Charlie Croker, astride his favorite Tennessee walking horse, pulled his shoulders back to make sure he was erect in the saddle and took a deep breath . . . Ahhhh, that was the ticket . . . He loved the way his mighty chest rose and fell beneath his khaki shirt and imagined that everyone in the hunting party noticed how powerfully built he was. Everybody; not just his seven guests but also his six black retainers and his young wife, who was on a horse behind him near the teams of La Mancha mules that pulled the buckboard and the kennel wagon. For good measure, he flexed and fanned out the biggest muscles of his back, the latissimi dorsi, in a Charlie Croker version of a peacock or a turkey preening. His wife, Serena, was only twenty-eight, whereas he had just turned sixty and was bald on top and had only a swath of curly gray hair on the sides and in back. He seldom passed up an opportunity to remind her of what a sturdy cord no, what a veritable cable kept him connected to the rude animal vitality of his youth.
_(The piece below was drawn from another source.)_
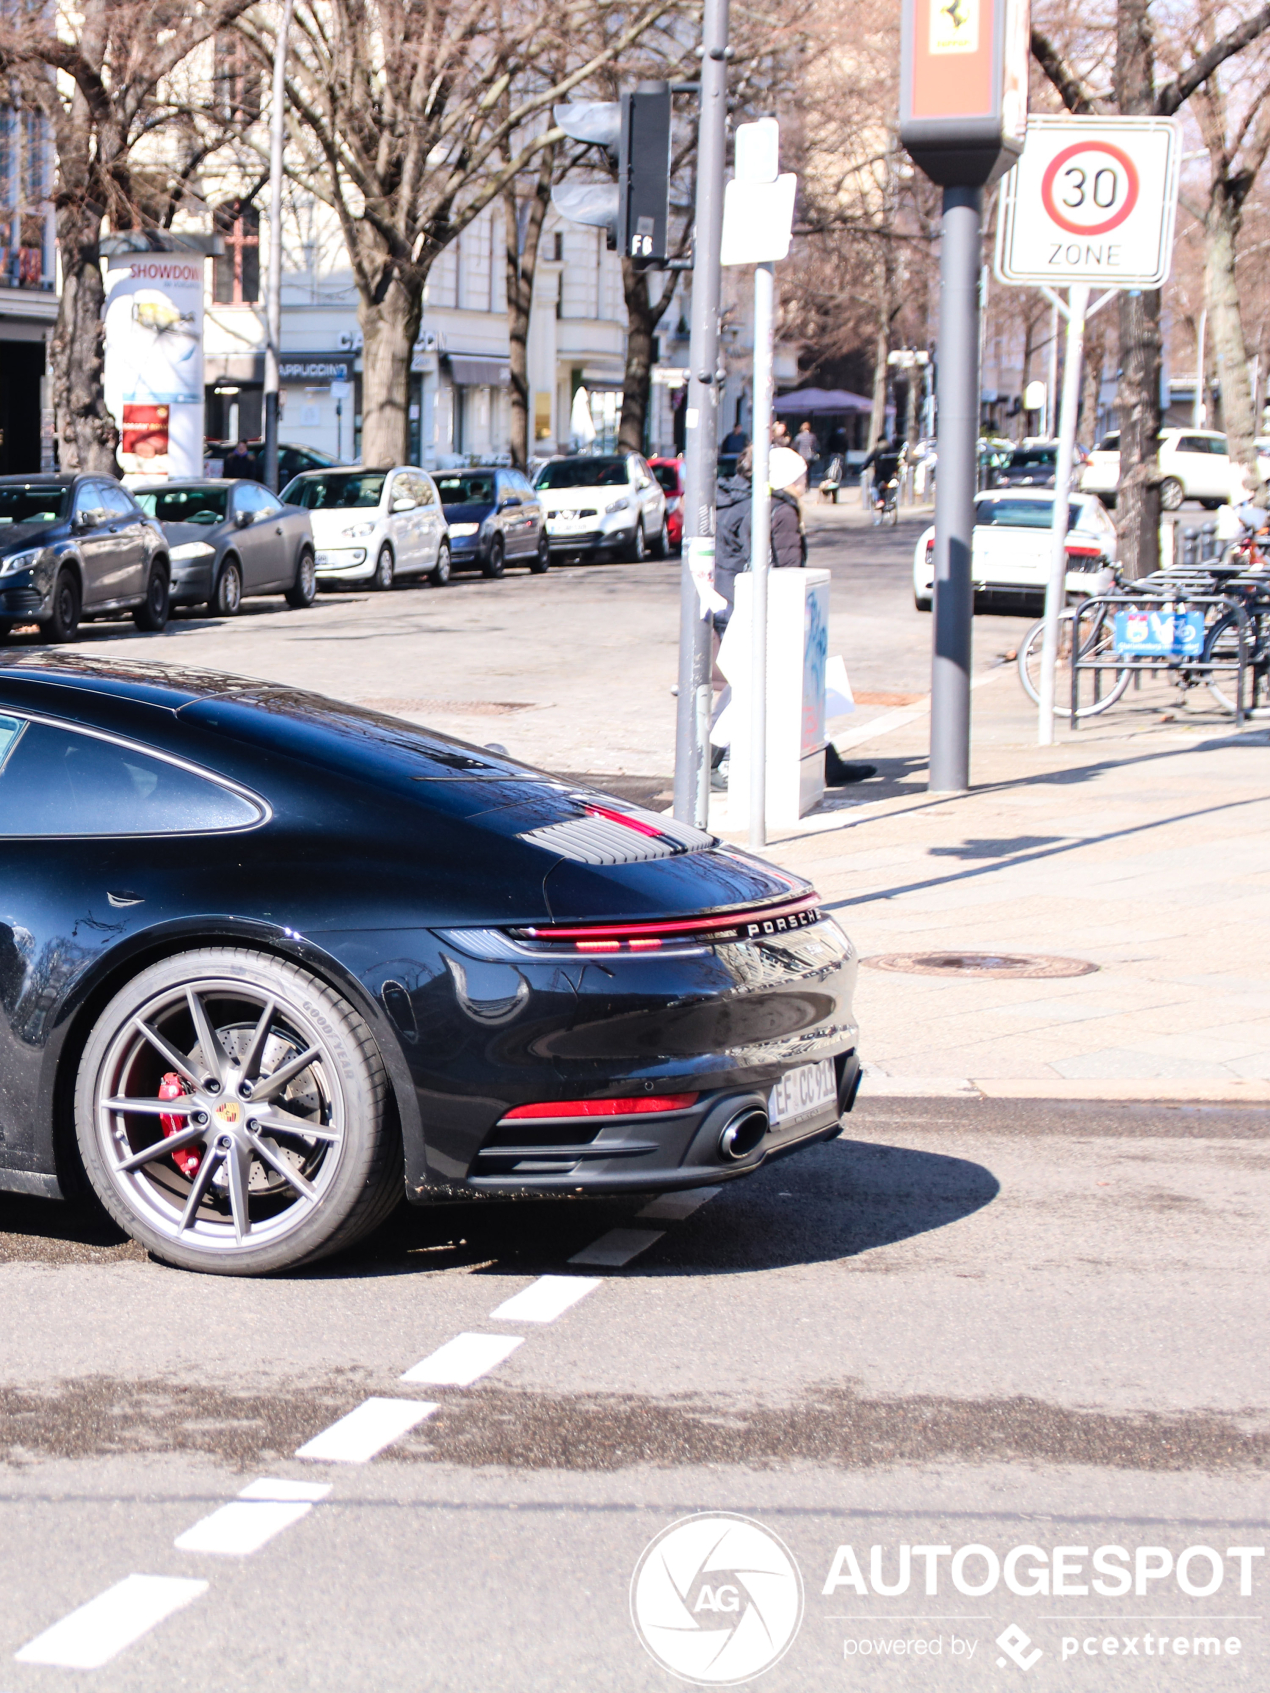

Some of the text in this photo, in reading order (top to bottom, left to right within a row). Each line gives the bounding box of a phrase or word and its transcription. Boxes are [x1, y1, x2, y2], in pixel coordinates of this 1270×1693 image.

[1062, 167, 1118, 208] 30
[1048, 243, 1122, 266] ZONE
[746, 907, 822, 937] PORSCHE
[776, 1057, 836, 1116] EF CC 911
By now they were already a good mile away from the Big House and deep into the plantation's seemingly endless fields of broom sedge. This late in February, this far south in Georgia, the sun was strong enough by 8 a.m. to make the ground mist lift like wisps of smoke and create a heavenly green glow in the pine forests and light up the sedge with a tawny gold. Charlie took another deep breath . . . Ahhhhhh . . . the husky aroma of the grass . . . the resinous air of the pines . . . the heavy, fleshy odor of all his animals, the horses, the mules, the dogs . . . Somehow nothing reminded him so instantly of how far he had come in his sixty years on this earth as the smell of the animals. Turpmtine Plantation! Twenty-nine thousand acres of prime southwest Georgia forest, fields, and swamp! And all of it, every square inch of it, every beast that moved on it, all fifty-nine horses, all twenty-two mules, all forty dogs, all thirty-six buildings that stood upon it, plus a mile-long asphalt landing strip, complete with jet-fuel pumps and a hangar all of it was his, Cap'm Charlie Croker's, to do with as he chose, which was: to shoot quail.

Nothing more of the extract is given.